Borrowers who already have federal student loans are not affected by the Fed’s actions because it carries the loans. fixed rate Determined by the government. (Payments on most of these loans have been paused for the past three years as part of pandemic relief measures, and became due again in October.)

But the price of batches of new federal student loans is determined each July, based on the 10-year Treasury bond auction in May. and they loan rates have climbed: Borrowers with federal graduate loans disbursed after July 1 (and before July 1, 2024) will pay 5.5 percent, up from 4.99 percent for loans disbursed a year earlier. Just three years ago, rates were below 3 percent.

Undergraduate students taking out federal loans will also pay about half a point more than a year ago, or an average of 7.05 percent, as will parents, who will pay an average of 8.05 percent.

Borrowers of private student loans have already seen rates rise due to increased interest rates. Both fixed and variable rate loans are tied to benchmarks that track the federal funds rate.

Savers seeking better returns on their money have had easier times: Rates on online savings accounts with one-year certificates of deposit have reached their highest level in more than a decade. But the pace of those increases is slowing.

“Consumers now have multiple options to earn yields greater than 5 percent on their cash,” said Ken Tumin, founder of DepositAccounts.com, part of LendingTree.
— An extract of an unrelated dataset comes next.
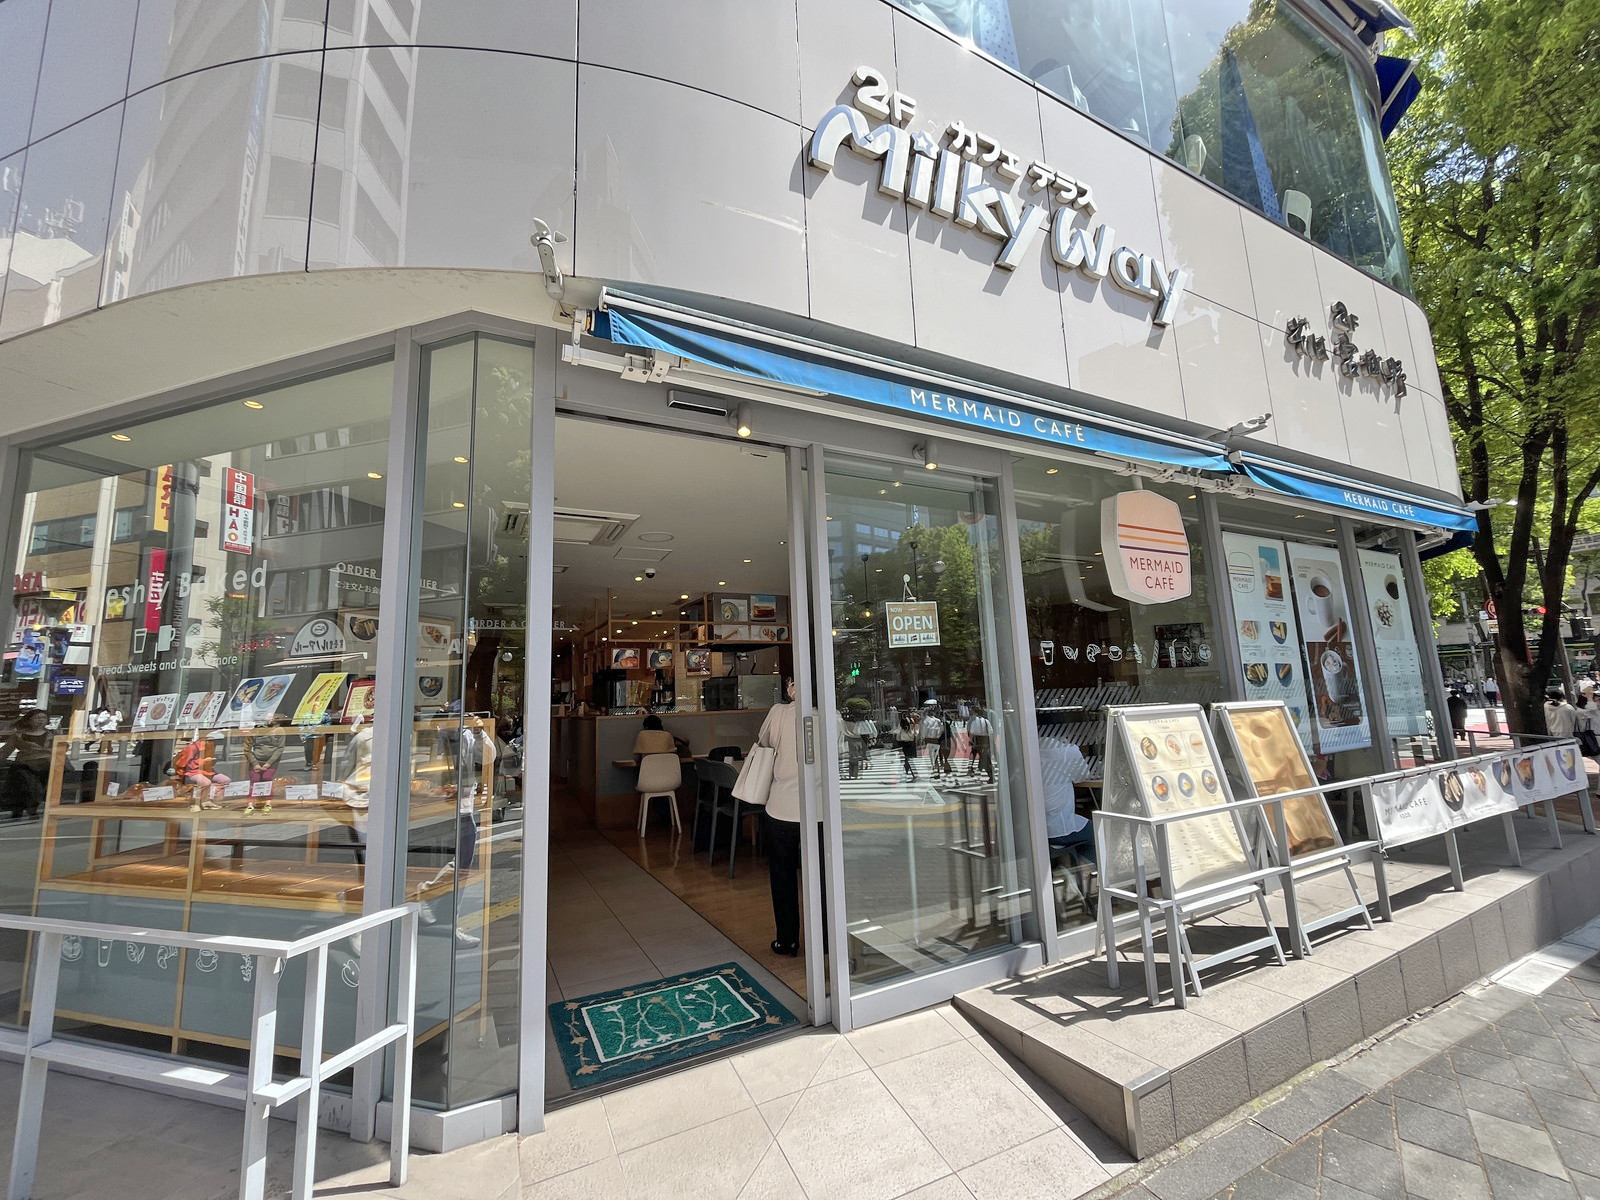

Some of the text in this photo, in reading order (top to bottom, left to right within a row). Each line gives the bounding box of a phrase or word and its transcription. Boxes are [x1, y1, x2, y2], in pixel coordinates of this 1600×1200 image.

Higher Fed rates often mean banks pay more interest on their deposits, although this does not always happen immediately. When they want to bring in more money they raise their rates.

The average yield on an online savings account was 4.4 percent as of Oct. 1, up from 2.1 percent a year earlier, according to DepositAccounts.com. But the yields on money market funds offered by brokerage firms are even more attractive because they more closely track the federal funds rate. The yield on the Crain 100 Money Fund Index, which tracks the largest money market funds, was recently at 5.19 percent.

Rates on certificates of deposit, which track similarly dated Treasury securities, are also moving higher. The average one-year CD at online banks was 5.18 percent as of Oct. 1, up from 3.15 percent a year earlier, according to DepositAccounts.com.